Les marches de l’escalier de pierre sont inégales, glissantes et fragiles. Certaines ont commencé à se fendre, l’humidité a favorisé la naissance de mousse aux coins des fenêtres, mais tous les murs sont complets, même s’ils doivent pour certains être soutenus d’échafaudages de bois et des brèches colmatées maladroitement, sans empêcher le vent du nord de s’y engouffrer. À un étage, mon guide me fait signe de faire attention. Une fenêtre brisée de l’extérieur a répandu son verre sur tout une portion des escaliers. J’aurais presque envie de me jeter sur ces marches, mais les sensations ont commencé à revenir, unes à unes, et je n’ai plus besoin de faire appel à la douleur pour m’arracher à mon obscurité. Je préfère jeter un regard sur le paysage qu’elle dissimulait. Une demi-obscurité flotte dans ces interminables escaliers tournoyants parce qu’à l’extérieur, le soir est sur le point de tomber.

Je n’ai pas le temps de m’attarder, l’homme s’est arrêté et me fait signe de me cacher. Je me plaque contre le mur, un peu plus haut, mais en tendant l’oreille Et je manque d’éclater de rire. Oui, quelqu’un arrive. Ce quelqu’un doit probablement être armé. Mais ça ne doit pas être quelqu’un de bien dangereux. Oh, non, ce ne sont pas les pas de quelqu’un de redoutable.

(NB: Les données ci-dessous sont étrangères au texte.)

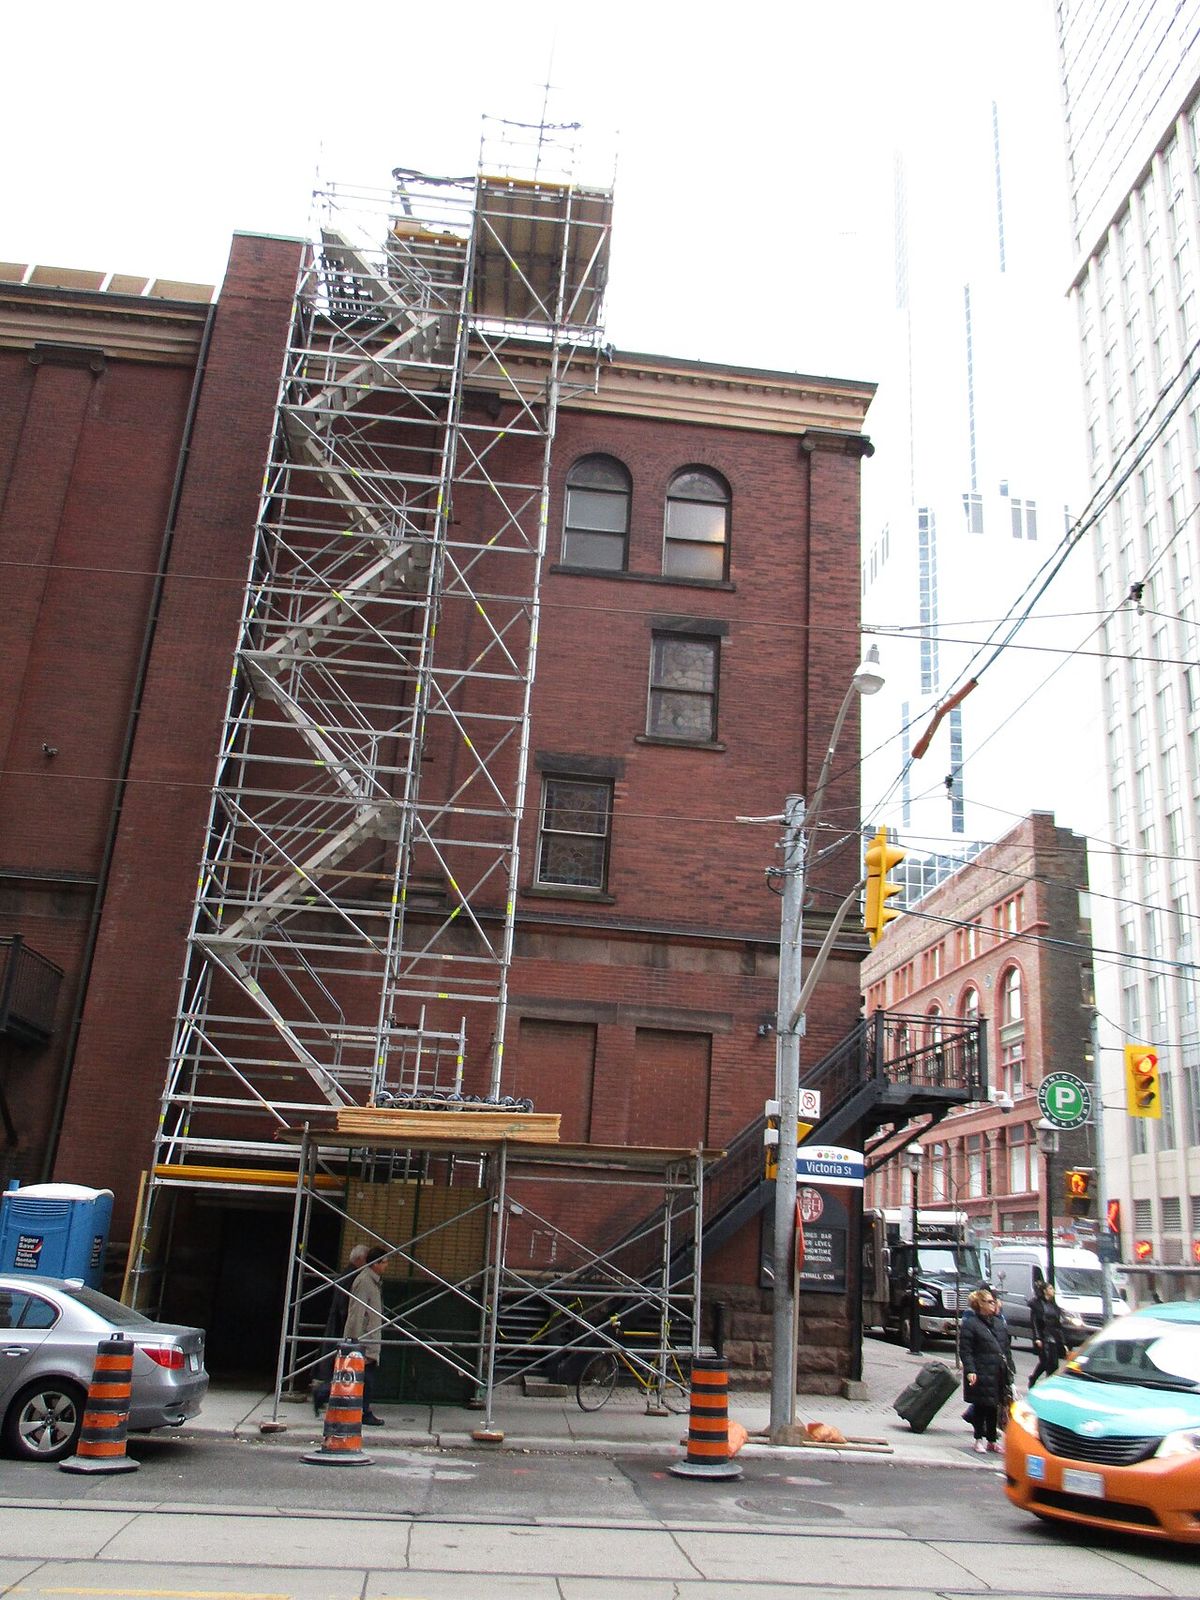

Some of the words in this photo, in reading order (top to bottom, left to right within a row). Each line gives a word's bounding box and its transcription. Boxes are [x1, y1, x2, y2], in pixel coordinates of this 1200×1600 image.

[1056, 1086, 1076, 1109] P
[806, 1161, 842, 1174] Victoria
[844, 1166, 852, 1175] St

Il ne doit même pas avoir vécu la guerre, ni aucune guerre d’ailleurs. Il ne doit pas avoir vingt ans. Il ne doit pas avoir vingt ans... À nouveau, je sens mes lèvres s’étirer. Une forme de haine, ancienne, archaïque m’enveloppe et j’en aurais presque oublié le verre répandu sur les marches en dépassant mon guide. Il me lance un regard mais ne fait pas un geste pour m’en empêcher. Sans doute s’y attendait-il. Non pas que mes faits d’armes soient particulièrement brillants, mais plutôt que des années d’enfermement n’aient pas adouci mon tempérament et que je n’aime ni l’incompétence, ni l’idiotie. Et ce sera à ce pauvre garde de payer l’imbécilité de ses supérieurs, je n’ai plus la patience nécessaire pour l’épargner.

J’ai vu son visage, je l’ai frappé, directement à la gorge. Il s’est écroulé. Il doit y en avoir d’autres. Je les entends, plus bas. Je jette un regard derrière mon épaule, fait un signe rapide et descend les marches à toute vitesse, semant sur mon chemin la surprise, la douleur et la destruction, cela, jusqu’au dernier, qui tente de s’enfuir par la porte grande ouverte. J’esquisse un mouvement qui l’aurait arrêté dans sa course, avant de m’immobiliser. Non, laissons-le. Laissons-le courir, laissons-le s’enfuir. Laissons-le vivre. Qu’il raconte comment la Grise, comment Helen Mithra, la plus grande criminelle de tous les temps, s’est éveillée et vient révolutionner leur quotidien.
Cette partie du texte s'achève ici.